For the given system of inequalities:

• \(4x + 3y \leq 12\)
• \(x - 2y \leq 4\)

We aim to find the region where both conditions are true. This involves graphing each inequality on the same coordinate plane and determining where their regions overlap.

Think of it like trying to find a common area on a Venn diagram where two groups overlap. Any point in this overlapping area is a solution to both inequalities.

A system of inequalities is a set of two or more inequalities with the same variables. Working with them involves figuring out where all the conditions can be met at once.

In our example, the system includes two inequalities:

• \(4x + 3y \leq 12\)
• \(x - 2y \leq 4\)

Each inequality represents a half-plane on the graph. By graphing them, you can visually see the areas that satisfy each inequality. The intersection of these areas gives you the solution to the system.

So, always remember:

• Convert each inequality to an equation to find the boundary line.
• Determine which side of the line the inequality represents.
• Look for the area where the solutions to all inequalities overlap.

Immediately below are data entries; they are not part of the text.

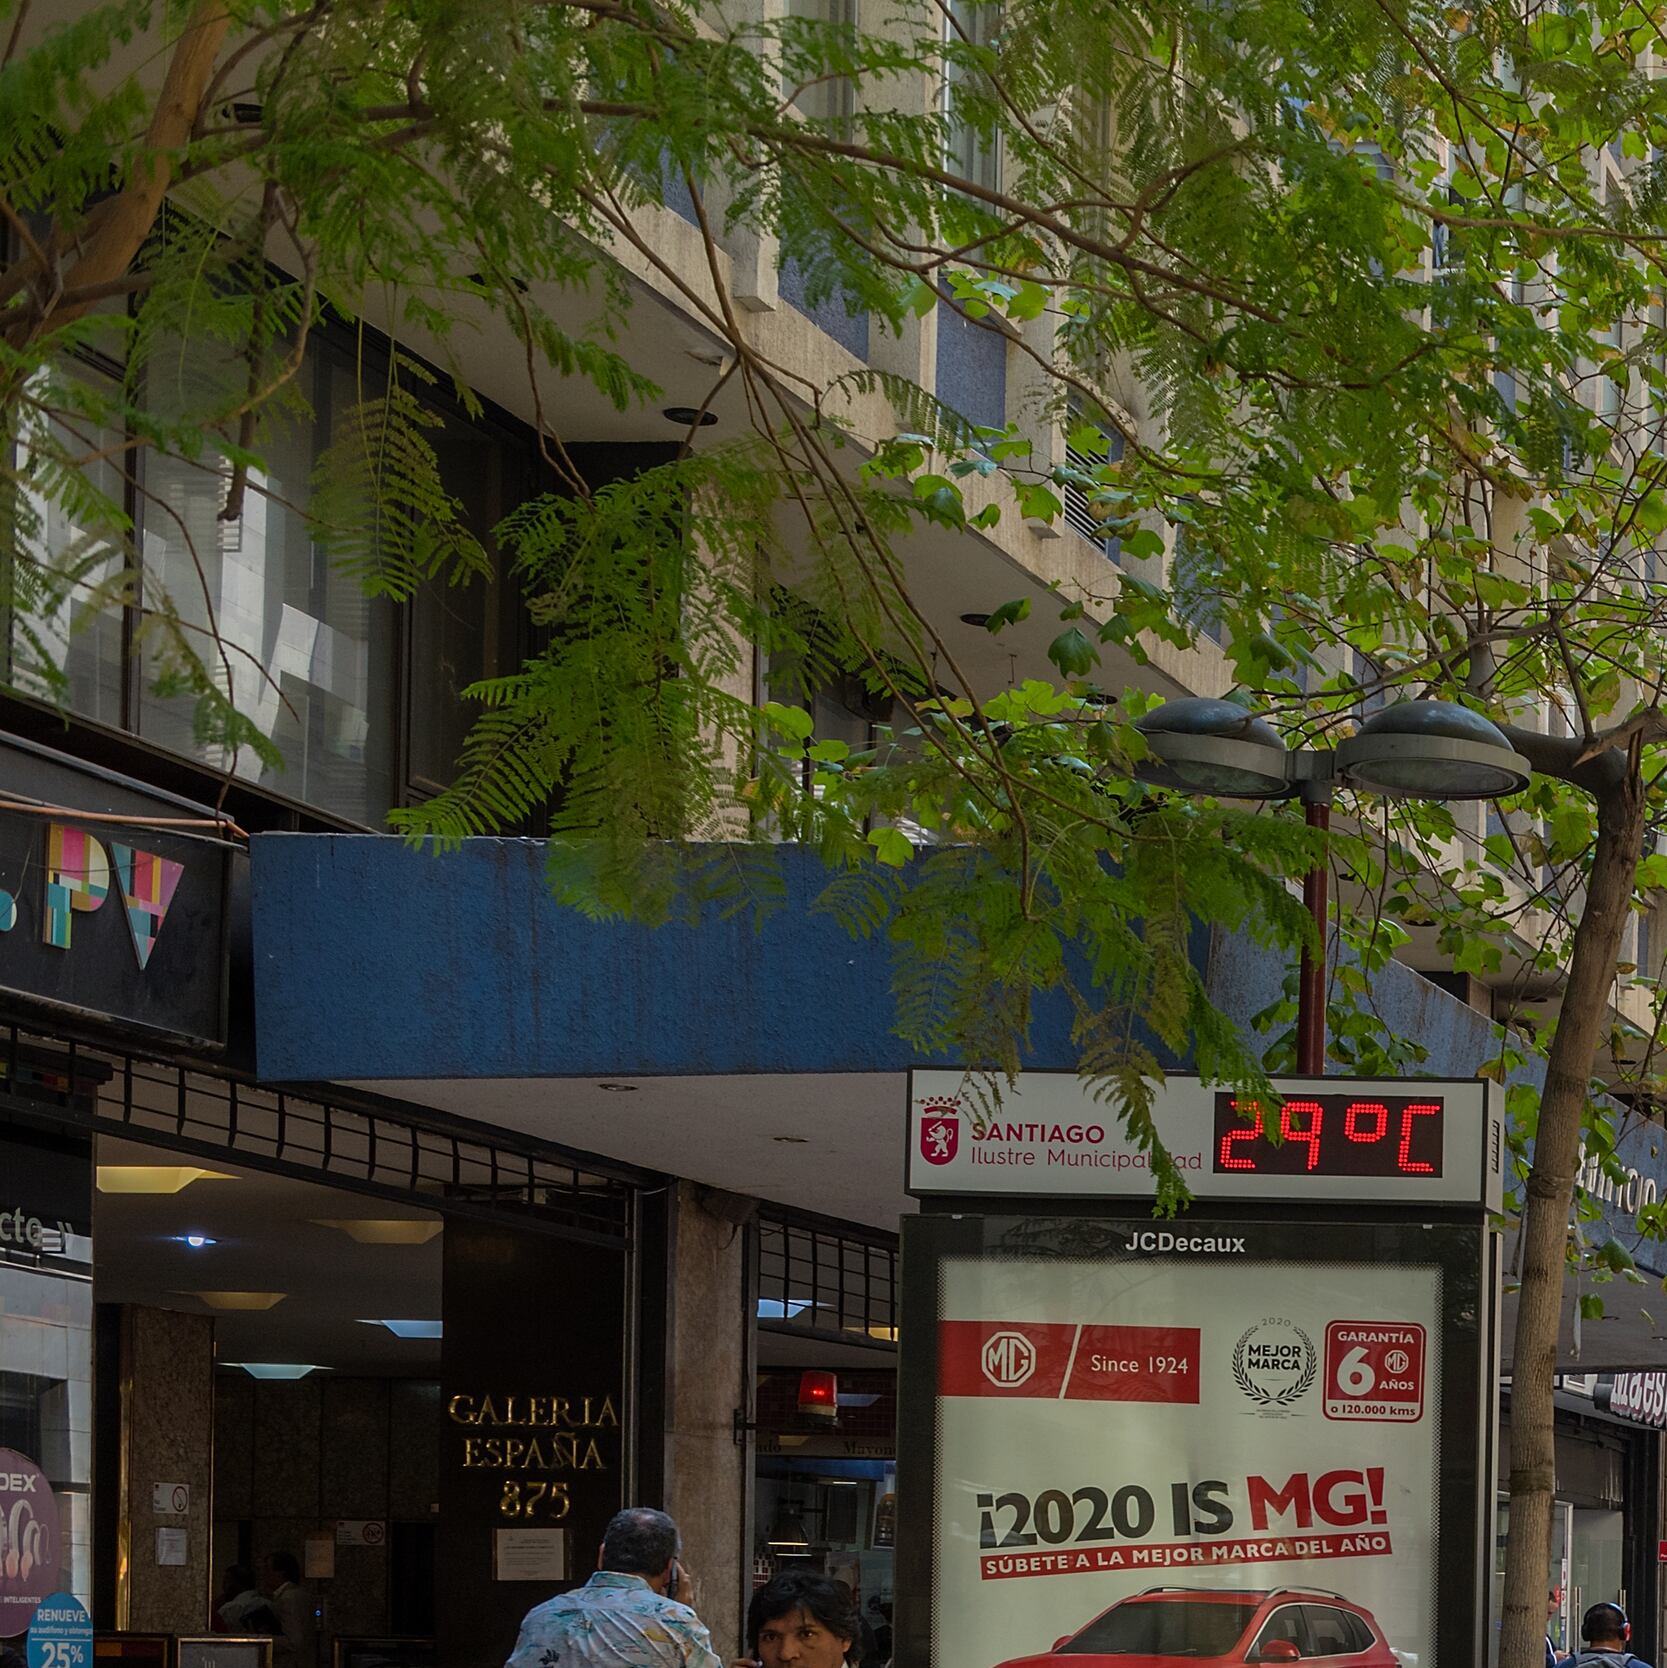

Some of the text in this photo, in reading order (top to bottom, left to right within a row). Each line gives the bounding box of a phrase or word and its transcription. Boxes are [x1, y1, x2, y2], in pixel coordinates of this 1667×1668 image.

[971, 1123, 1105, 1144] SANTIAGO
[971, 1147, 1035, 1166] Ilustre
[1125, 1231, 1246, 1253] JCDecaux
[1262, 1317, 1292, 1328] 2020
[1337, 1332, 1415, 1344] GARANTÍA
[1248, 1345, 1302, 1358] MEJOR
[1091, 1355, 1189, 1375] Since 1924
[1248, 1358, 1302, 1371] MARCA
[1337, 1345, 1376, 1397] 6
[1380, 1378, 1415, 1390] AÑOS
[449, 1394, 620, 1427] GALERIA
[1342, 1404, 1386, 1415] 120.000
[1390, 1405, 1416, 1416] kms
[462, 1431, 608, 1470] ESPAÑA
[500, 1480, 571, 1519] 875
[1171, 1480, 1234, 1537] IS
[1246, 1467, 1388, 1531] MG!
[985, 1533, 1388, 1576] SÚBETE A LA MEJOR MARCA DEL AÑO
[37, 1608, 85, 1623] RENUEVE
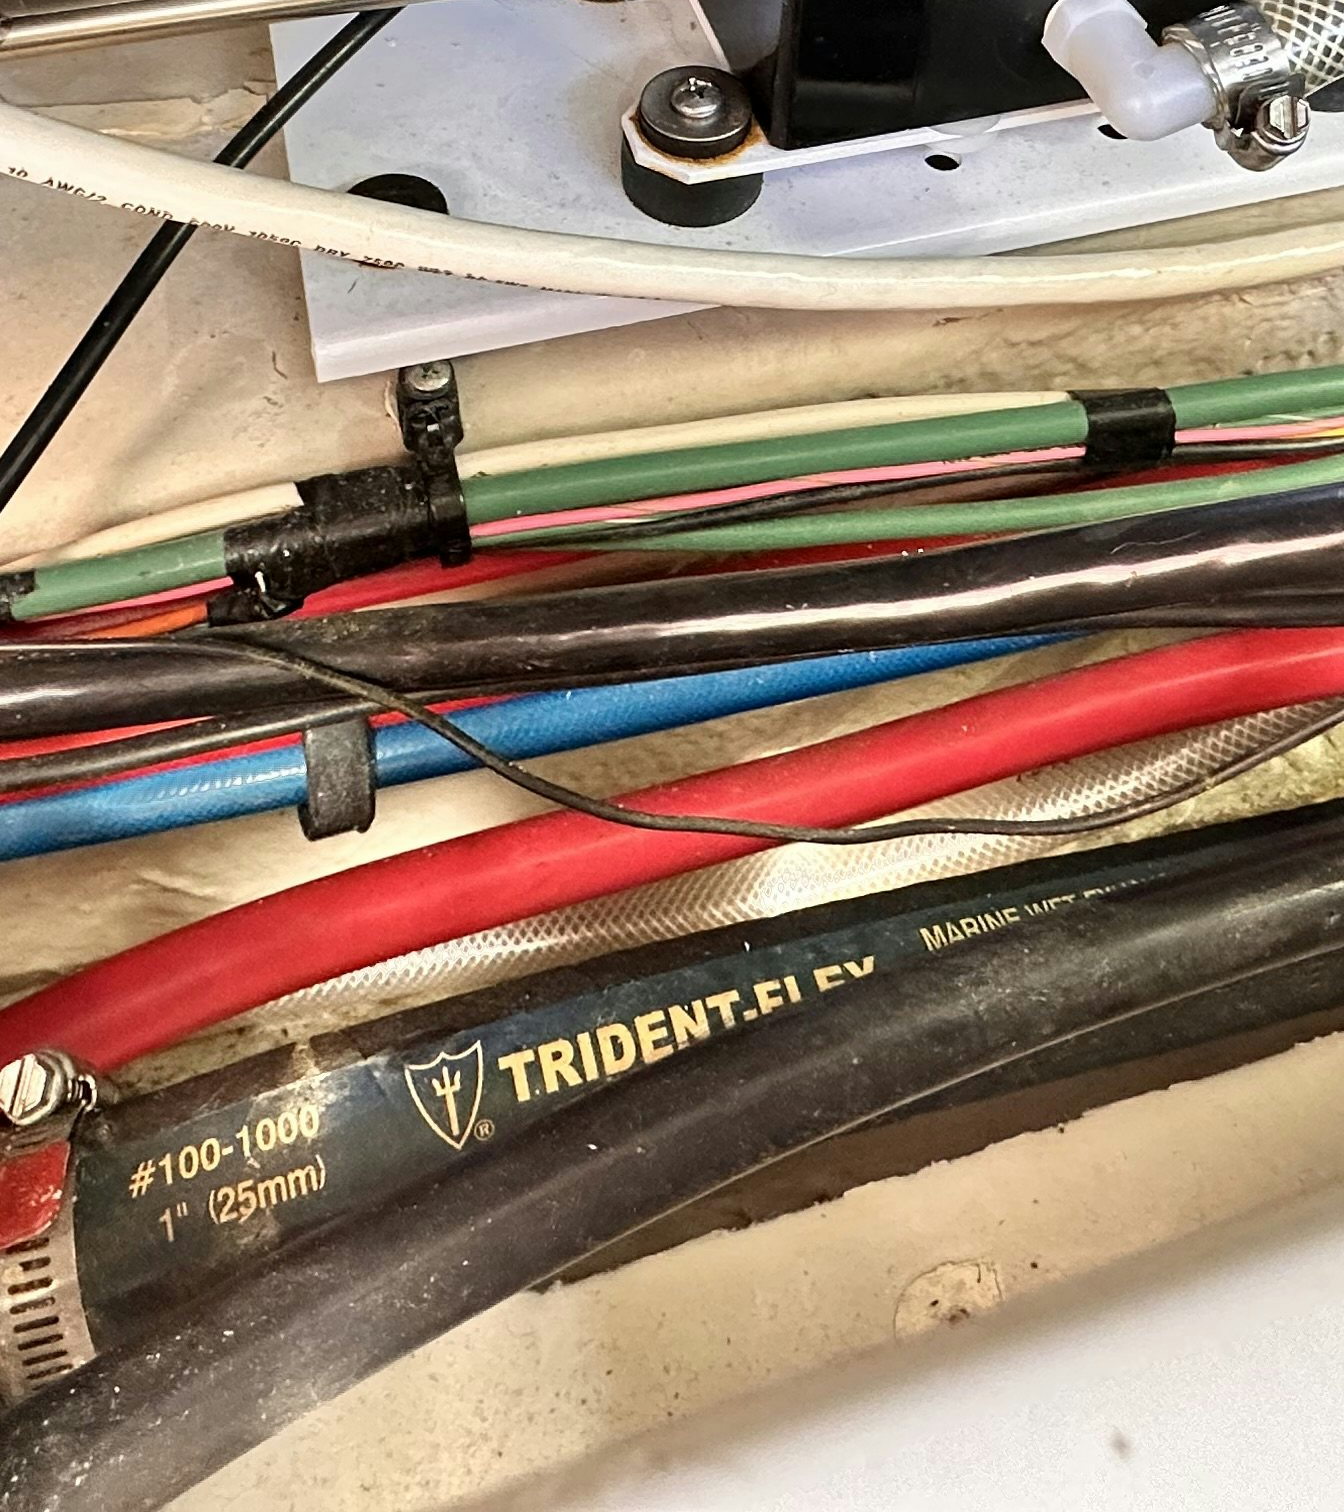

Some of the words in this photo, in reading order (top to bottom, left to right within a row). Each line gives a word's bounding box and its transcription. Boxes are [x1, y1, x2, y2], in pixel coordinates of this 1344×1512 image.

[919, 906, 1021, 952] MARINE
[128, 1104, 320, 1199] #100-1000
[159, 1200, 188, 1243] 1"
[208, 1154, 327, 1225] (25mm)

Shading regions is a visual way to show where the solutions to an inequality lie on a graph. Here's how it works:

After drawing the line for an inequality, decide which side to shade by using a test point. A common choice for the test point is \((0,0)\) unless it lies on the line.

• If substituting the test point into the inequality gives a true statement, shade the area containing the test point.
• If it’s false, shade the opposite side.

For the inequality \(4x + 3y \leq 12\), if \((0,0)\) satisfies the inequality, you shade inside. Otherwise, you shade outside.

In our system, after shading for both inequalities, the overlapping shaded area indicates the solution set. This shaded intersection effectively pinpoints all the possible solutions that fit both inequalities.